* Spatial localization data *
════════

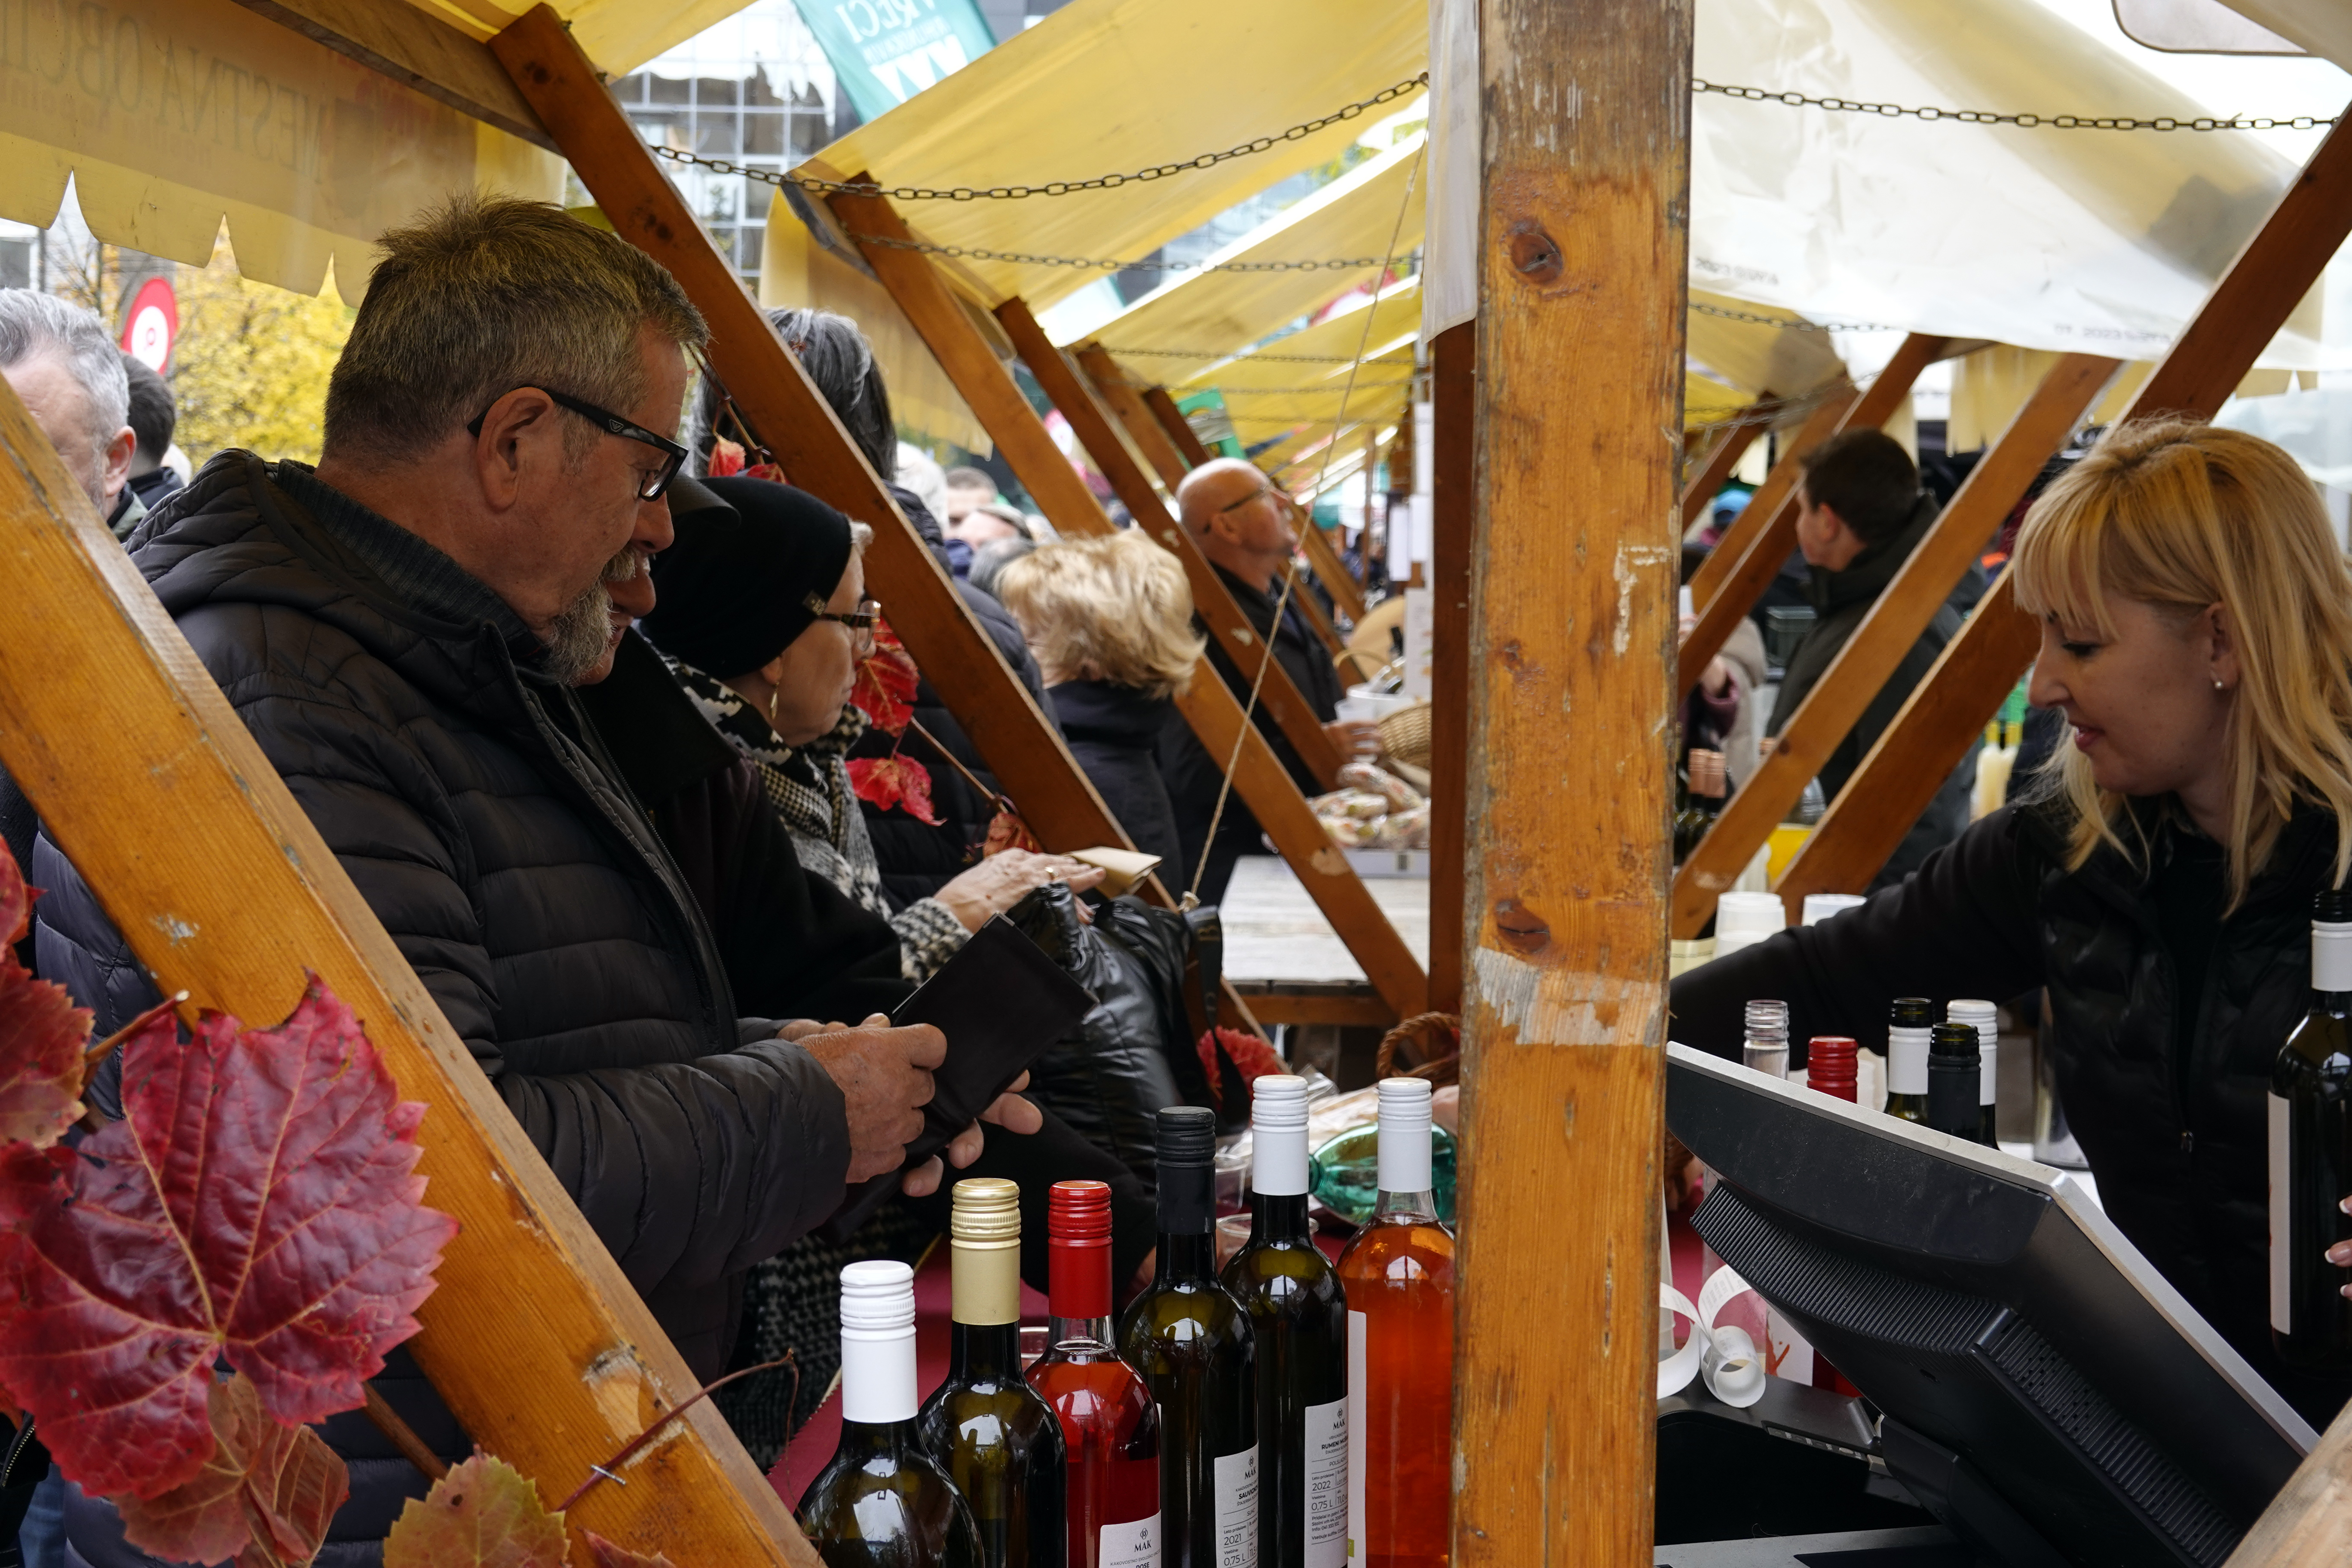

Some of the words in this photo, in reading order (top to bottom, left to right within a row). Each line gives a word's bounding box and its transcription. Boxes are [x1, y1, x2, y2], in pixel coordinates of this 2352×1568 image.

[1333, 1418, 1345, 1430] MAK
[1322, 1440, 1340, 1450] RUMENI
[1245, 1466, 1256, 1479] MAK
[1312, 1480, 1331, 1491] 2022
[1311, 1501, 1328, 1511] 0,75
[1329, 1499, 1333, 1507] L
[1134, 1539, 1152, 1552] MAK
[1224, 1534, 1241, 1546] 2021
[1110, 1558, 1138, 1566] KAKOVOSTNO
[1224, 1554, 1240, 1566] 0,75
[1242, 1553, 1246, 1562] L

════════

* WHAT YOU NEED TO DO *
Restate each entry verbatim and skip every image.

* FINAL ANSWER *
Some of the words in this photo, in reading order (top to bottom, left to right within a row). Each line gives a word's bounding box and its transcription. Boxes are [x1, y1, x2, y2], in pixel coordinates of this 2352×1568 image.

[1333, 1418, 1345, 1430] MAK
[1322, 1440, 1340, 1450] RUMENI
[1245, 1466, 1256, 1479] MAK
[1312, 1480, 1331, 1491] 2022
[1311, 1501, 1328, 1511] 0,75
[1329, 1499, 1333, 1507] L
[1134, 1539, 1152, 1552] MAK
[1224, 1534, 1241, 1546] 2021
[1110, 1558, 1138, 1566] KAKOVOSTNO
[1224, 1554, 1240, 1566] 0,75
[1242, 1553, 1246, 1562] L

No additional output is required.